While it is considered one of the most common cancers and the leading cause of death in men worldwide, prognostic stratification and treatment modalities are still limited for patients with prostate cancer (PCa). Recently, the introduction of genomic profiling, as well as, the use of new techniques like next-generation sequencing (NGS) in many cancers provides novel tools for the discovery of new molecular targets that might improve our understanding of the genomic aberrations in PCa and the discovery of novel prognostic and therapeutic targets. In this study, we investigated the possible mechanisms through which Dickkopf-3 (DKK3) produces its possible protective role in prostate cancer using NGS in both the DKK3 overexpression PCa cell line (PC3) model, as well as, our patients’ cohort consisting of 9 prostate cancer and 5 benign prostatic hyperplasia. Interestingly, our results have shown that DKK3 transfection-modulated genes are involved in the regulation of cell motility, senescence-associated secretory phenotype (SASP), and cytokine signaling in the immune system, as well as, in the regulation of adaptive immune response.

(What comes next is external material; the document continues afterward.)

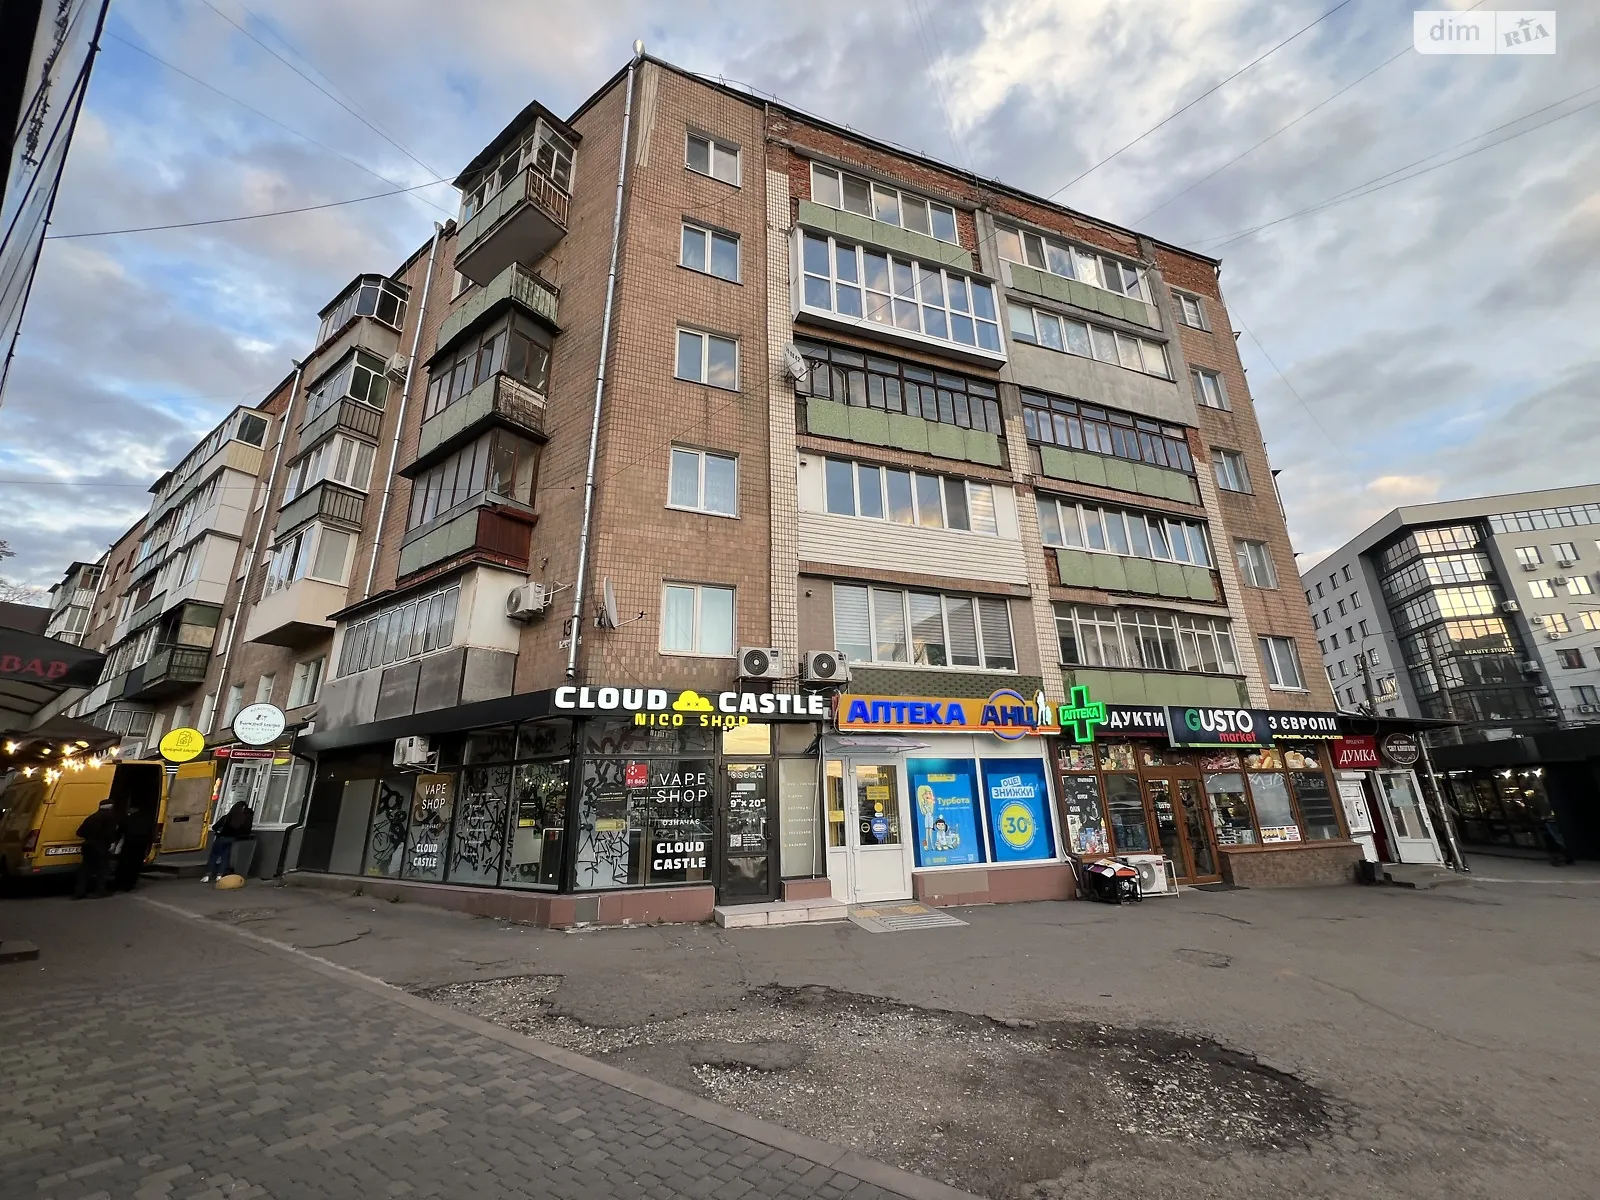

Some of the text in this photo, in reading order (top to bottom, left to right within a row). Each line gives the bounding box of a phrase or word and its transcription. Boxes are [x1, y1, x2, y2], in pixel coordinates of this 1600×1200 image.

Further analysis of our NGS using our in vitro model revealed the presence of 36 differentially expressed genes between DKK3 transfected cells and PC3 empty vector. In addition, both CP and ACE2 genes were differentially expressed not only between the transfected and empty group but also between the transfected and mock cells. The top common differentially expressed genes (DEGs) between the DKK3 overexpression cell line and in our patients’ cohort showed the list of the following; IL32, IRAK1, RIOK1, HIST1H2BB, SNORA31, AKR1B1, ACE2 and CP. The upregulated genes including IL32, HIST1H2BB and SNORA31 showed tumor suppressor functions in various cancers including PCa. On the other hand, both IRAK1 and RIOK1 were downregulated and involved in tumor initiation, tumor progression, poor outcome and radiotherapy resistance. Together, our results highlighted the possible role of the DKK3 related genes in protecting against PCa initiation and progression.